When it comes to the situation regarding the water in Flint’s public schools, Jeree Brown is in the dark.
With two children attending Eisenhower Elementary School, she has no idea what’s going on regarding state testing of water in schools throughout the Flint Community Schools district.
She’s not alone.
Parents, student, teachers and the community at large have virtually no access to the results of testing that’s been conducted throughout 2016.
Ask the Michigan Department of Environmental Quality about the situation, and you will be directed to a state web site that has information about both residential testing and the school testing that began more than a year ago when the state finally admitted that Flint’s water was contaminated with high levels of lead, a potent neurotoxin especially harmful to young children.
The problem is that, while residential test results are completely up to date, with data from testing conducted as recently as November 2016, information for nearly all the district’s traditional public schools hasn’t been updated since the results from an initial round of testing conducted in October, November and December of 2015 were posted.
Asked via email why the posting of school testing results lag so far behind residential testing, MDEQ spokesman Michael Shore responded:
“The distinction is we provide sampling results to Flint Community Schools as we do with other institutions (child care, adult foster care and health facilities). The responsible party receives reports in advance of the results being posted to provide them time to review them and raise any questions that may arise. The FCS individual schools data will be compiled in their totality and provided to the Superintendent with a review of the data. It is also worth noting that this process is taking longer because we committed to sample after filters were installed in the schools.”
But the bottom line is, with few exceptions, all of the Flint Community Schools testing results available to the general public are a year old.
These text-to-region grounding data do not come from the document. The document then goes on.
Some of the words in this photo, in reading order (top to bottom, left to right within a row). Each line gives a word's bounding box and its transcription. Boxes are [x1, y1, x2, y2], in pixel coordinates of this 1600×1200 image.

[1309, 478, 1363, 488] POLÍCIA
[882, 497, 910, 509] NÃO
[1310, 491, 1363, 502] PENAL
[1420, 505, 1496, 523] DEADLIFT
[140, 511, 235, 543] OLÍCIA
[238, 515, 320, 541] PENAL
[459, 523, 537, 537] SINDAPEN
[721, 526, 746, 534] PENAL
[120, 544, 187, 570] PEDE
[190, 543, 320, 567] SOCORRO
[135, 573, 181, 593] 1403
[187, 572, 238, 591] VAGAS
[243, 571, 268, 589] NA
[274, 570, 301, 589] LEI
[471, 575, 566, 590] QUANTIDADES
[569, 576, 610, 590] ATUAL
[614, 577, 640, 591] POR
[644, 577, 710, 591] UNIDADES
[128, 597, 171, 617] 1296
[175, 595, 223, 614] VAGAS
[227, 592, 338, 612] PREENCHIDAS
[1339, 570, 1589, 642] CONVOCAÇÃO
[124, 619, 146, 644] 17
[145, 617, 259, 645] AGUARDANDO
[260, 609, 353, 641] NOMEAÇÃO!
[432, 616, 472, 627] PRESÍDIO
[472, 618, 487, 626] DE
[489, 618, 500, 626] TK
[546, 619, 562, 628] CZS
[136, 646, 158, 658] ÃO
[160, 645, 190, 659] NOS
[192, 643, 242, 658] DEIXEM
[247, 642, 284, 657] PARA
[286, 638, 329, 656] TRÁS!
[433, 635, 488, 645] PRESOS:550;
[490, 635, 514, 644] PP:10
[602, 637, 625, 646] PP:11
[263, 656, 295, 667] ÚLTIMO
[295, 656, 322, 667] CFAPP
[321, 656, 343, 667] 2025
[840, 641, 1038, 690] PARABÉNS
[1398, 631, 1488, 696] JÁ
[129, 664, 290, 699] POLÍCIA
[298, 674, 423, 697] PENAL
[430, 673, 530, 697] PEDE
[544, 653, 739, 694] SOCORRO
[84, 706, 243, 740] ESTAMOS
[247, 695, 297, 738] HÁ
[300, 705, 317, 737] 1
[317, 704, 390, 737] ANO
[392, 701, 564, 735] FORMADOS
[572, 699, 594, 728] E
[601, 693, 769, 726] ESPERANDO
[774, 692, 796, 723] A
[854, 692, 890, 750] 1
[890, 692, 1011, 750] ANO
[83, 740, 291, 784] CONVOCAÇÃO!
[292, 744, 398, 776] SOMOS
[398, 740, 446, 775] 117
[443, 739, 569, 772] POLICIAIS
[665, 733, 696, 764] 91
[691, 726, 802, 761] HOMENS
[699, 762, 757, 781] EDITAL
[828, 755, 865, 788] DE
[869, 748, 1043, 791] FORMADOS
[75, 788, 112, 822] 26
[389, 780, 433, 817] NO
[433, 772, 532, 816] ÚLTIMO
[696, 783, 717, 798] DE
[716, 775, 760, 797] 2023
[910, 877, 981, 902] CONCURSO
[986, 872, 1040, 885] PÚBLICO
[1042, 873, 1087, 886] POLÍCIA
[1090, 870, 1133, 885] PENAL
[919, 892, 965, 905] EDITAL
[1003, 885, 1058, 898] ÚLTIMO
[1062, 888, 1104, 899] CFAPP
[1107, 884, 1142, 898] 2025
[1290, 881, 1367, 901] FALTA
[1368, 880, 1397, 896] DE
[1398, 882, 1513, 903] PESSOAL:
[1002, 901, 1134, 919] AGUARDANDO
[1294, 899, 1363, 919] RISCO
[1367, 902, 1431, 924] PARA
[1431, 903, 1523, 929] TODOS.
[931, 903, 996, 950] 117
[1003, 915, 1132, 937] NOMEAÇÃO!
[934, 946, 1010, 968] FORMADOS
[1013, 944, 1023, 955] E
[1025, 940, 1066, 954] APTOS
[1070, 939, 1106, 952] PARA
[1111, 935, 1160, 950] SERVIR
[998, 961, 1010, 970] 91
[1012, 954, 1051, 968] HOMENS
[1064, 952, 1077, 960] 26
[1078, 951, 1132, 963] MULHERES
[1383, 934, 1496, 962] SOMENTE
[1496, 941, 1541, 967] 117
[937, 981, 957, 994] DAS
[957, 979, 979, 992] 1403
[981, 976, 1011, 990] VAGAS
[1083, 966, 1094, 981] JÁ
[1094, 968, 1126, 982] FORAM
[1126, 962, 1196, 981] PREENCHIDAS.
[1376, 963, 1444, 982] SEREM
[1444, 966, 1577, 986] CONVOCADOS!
Jeree Brown is a plaintiff in an ACLU of Michigan lawsuit that seeks to force the state and school district to provide the full extent of education services and assistance needed to help lead-damaged children reach their full potential. It is anticipated that, on or before December 8, the state and district will file a motion attempting to have the suit dismissed.
She says the lack of information regarding the water in her kids’ school is adding even more angst to an inherently stressful situation. The residents of Flint have been suffering since a state-appointed emergency manager forced the city to begin using the highly caustic Flint River as the city’s municipal water source in April 2014. The river water was so harsh that, combined with a lack of mandatory corrosion control chemicals, it leeched lead from the aging pipes into the drinking water. Last year, Gov. Rick Snyder allowed the city to again start using water from Lake Huron, but so much damage was done to infrastructure that the water is still not considered safe unless it is filtered.
Brown says the school allows her children only one bottle of water per day each so she worries about them being adequately hydrated.
“I’m extremely stressed, to the point where I come home from dropping my kids off at school and start to cry—a lot,” says Brown, who works as a nurses’ assistant.
Brown cites other problems as well. She says her 5-year-old son, Jabari, is autistic and has been bullied at school.
Confusion over what’s going on with the water only makes things worse.
And not just for students and their parents.
Bethany Dumanois teaches 1st and 2nd grade at Freeman Elementary School, which showed some of the highest lead levels in any school when the state began testing in October 2015.
“I’ve received no communication about what’s going on with the water,” says Dumanois. “No updates. Nothing.”
Dumanois says she’s “no fan of bottled water,” explaining that it is a distraction and interferes with trying to provide her students with an education.
But she sees no end in sight to what she calls the “Band-Aid” of bottled water.
The state, according to documents provided in response to a Freedom of Information Act request, has been replacing fixtures containing lead and installing water filters on fountains in schools throughout the district.
The most recent test results show occasional spikes in lead levels in some locations. And, in the case of the district’s central kitchen, which supplies meals to schools throughout the district, work has not yet even begun to install filters, which had to be specially ordered.
In most cases, documents show, replacing fixtures and installing filters – which has occurred at most but not yet all schools — has been effective in reducing lead levels, with many tests showing no detectable levels of lead in the water. But documents also show that there continue to be dramatic lead levels in a few samples taken at some locations.
Given all that, the district reportedly has no plans to make the switch back to city water anytime soon.
That’s according to Bruce Jordan, an official with the Michigan Education Association who met with Flint Community Schools superintendent Bilal Tawwab last week.
Jordan says the district is hesitant to get out in front of other Flint agencies and officials in terms of moving away from bottled water.
“The issue is that the school does not want to be the only one in Flint stating that the water is safe to drink,” says Jordan. “The superintendent stated that if the health officials of Flint, the city and various businesses were to jointly put out something … then he would consider it, but didn’t want to be the only entity in Flint telling that story.”
Part of the issue is perception. Teacher Bethany Dumanois echoes the concerns of many when she says she would be reluctant to drink the water even if the state and district say it is safe.
The districts lack of transparency in terms of keeping parents, students, teachers and the community in the dark when it comes to providing up-to-date information regarding water testing in schools.
Jordan says he was told that it could be at least a year and possibly longer before the district is ready to stop handing out bottled water and allow students to once again do what other children in schools across America do every day – take a sip of water from a fountain when they are thirsty.